▸ Exercise prompt: Could you return all of the records exactly, minus their images?

(Beginning of Data to examine)

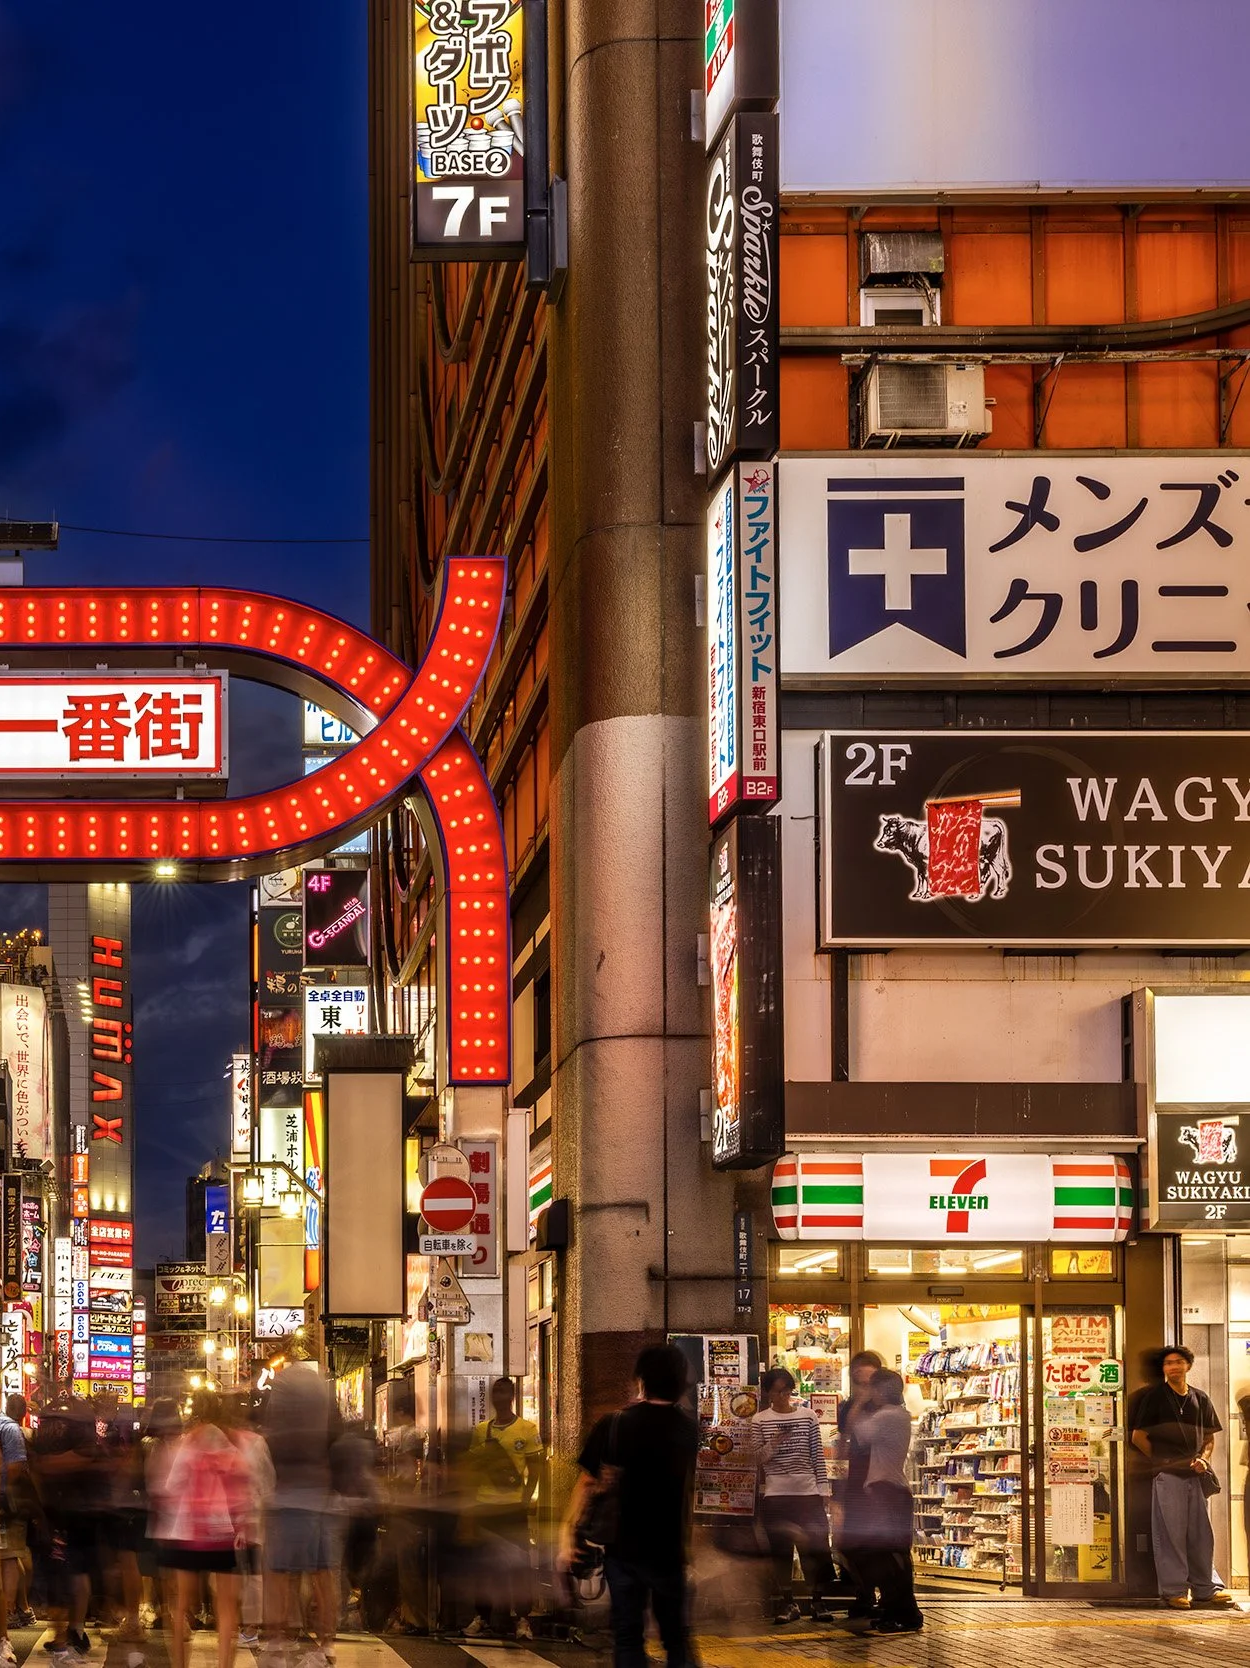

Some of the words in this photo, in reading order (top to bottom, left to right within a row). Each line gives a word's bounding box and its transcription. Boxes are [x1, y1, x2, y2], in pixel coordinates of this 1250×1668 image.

[751, 133, 763, 182] 歌舞伎町
[432, 185, 510, 237] 7F
[740, 185, 773, 324] Sparkle
[744, 329, 772, 428] スパークル
[989, 469, 1250, 553] メンズ
[743, 495, 772, 682] ファイトフィット
[989, 579, 1250, 659] クリニ
[751, 686, 767, 771] 新宿東口駅前
[844, 742, 912, 786] 2F
[745, 781, 774, 796] B2F
[1034, 844, 1250, 889] SUKIY
[307, 875, 331, 892] 4F
[308, 990, 366, 1002] 全卓全自動
[1175, 1170, 1242, 1185] WAGYU
[1205, 1204, 1227, 1220] 2F
[91, 1226, 131, 1240] 全店営業中
[423, 1239, 473, 1252] 自転車を除く
[77, 1281, 85, 1305] GiGO
[737, 1289, 751, 1300] 17
[77, 1315, 85, 1339] GiGO
[1052, 1316, 1108, 1329] ATM
[1045, 1363, 1091, 1383] たばこ
[1099, 1363, 1119, 1383] 酒

(End of Data to examine)

▸ Output below:
Some of the words in this photo, in reading order (top to bottom, left to right within a row). Each line gives a word's bounding box and its transcription. Boxes are [x1, y1, x2, y2], in pixel coordinates of this 1250×1668 image.

[751, 133, 763, 182] 歌舞伎町
[432, 185, 510, 237] 7F
[740, 185, 773, 324] Sparkle
[744, 329, 772, 428] スパークル
[989, 469, 1250, 553] メンズ
[743, 495, 772, 682] ファイトフィット
[989, 579, 1250, 659] クリニ
[751, 686, 767, 771] 新宿東口駅前
[844, 742, 912, 786] 2F
[745, 781, 774, 796] B2F
[1034, 844, 1250, 889] SUKIY
[307, 875, 331, 892] 4F
[308, 990, 366, 1002] 全卓全自動
[1175, 1170, 1242, 1185] WAGYU
[1205, 1204, 1227, 1220] 2F
[91, 1226, 131, 1240] 全店営業中
[423, 1239, 473, 1252] 自転車を除く
[77, 1281, 85, 1305] GiGO
[737, 1289, 751, 1300] 17
[77, 1315, 85, 1339] GiGO
[1052, 1316, 1108, 1329] ATM
[1045, 1363, 1091, 1383] たばこ
[1099, 1363, 1119, 1383] 酒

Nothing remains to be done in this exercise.